CAPTAIN: Anyway, they had sent a message demanding to meet our world's most important people for a series of high-level talks. And so we were all selected by a world-wide poll, you see, as being the most important, most influential, most newsworthy people in the entire planet, and we were all sent off in this spaceship -
NUMBER ONE: - The "A-List Ark" -
CAPTAIN: - to meet them and, hopefully, come to some sort of arrangement.
FORD: And did you bring anyone else?
CAPTAIN: What?
ARTHUR: Well, any political leaders. Linguists to interpret what the aliens were saying. Physicists to understand their science. Biologists to learn about life on the aliens' world. People like that.

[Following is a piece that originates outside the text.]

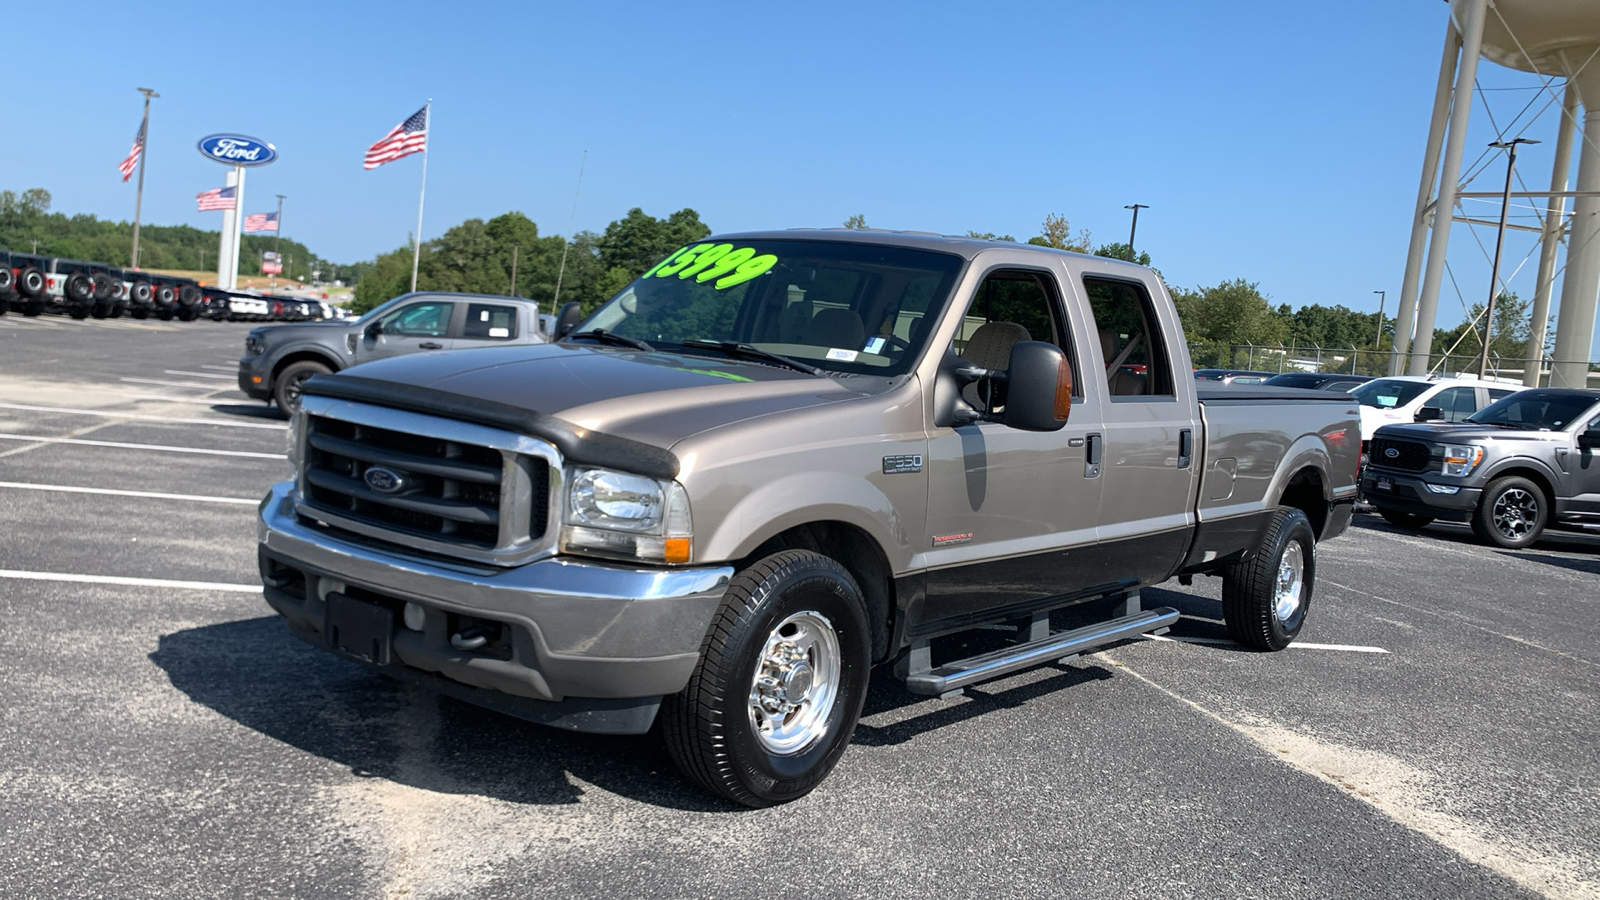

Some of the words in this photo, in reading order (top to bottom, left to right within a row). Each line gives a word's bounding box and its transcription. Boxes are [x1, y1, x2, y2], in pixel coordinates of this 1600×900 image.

CAPTAIN: Er, no. Well, we did ask about that -
NUMBER ONE: It did seem a bit odd, having an entire spaceship just full of supermodels, pop singers, sports stars, gossip writers, heiresses and soap actors -
CAPTAIN: But they all explained - and very nicely I thought - that we were the people they needed to make a good first impression on the aliens, and that the rest of them would be along later.
FORD: I see. And, er, what happened?
CAPTAIN: Sorry?
FORD: What happened when you met the aliens?
CAPTAIN: Ah, well, that's the funny thing, you see, because we haven't actually made contact with them yet. And we have been out here for - how long has it been, Number One?
NUMBER ONE: Eighty-seven years, sir.
CAPTAIN: Yes. But I'm sure we'll run into them at some point.

I vote for ajay for his hitchhiker spoof!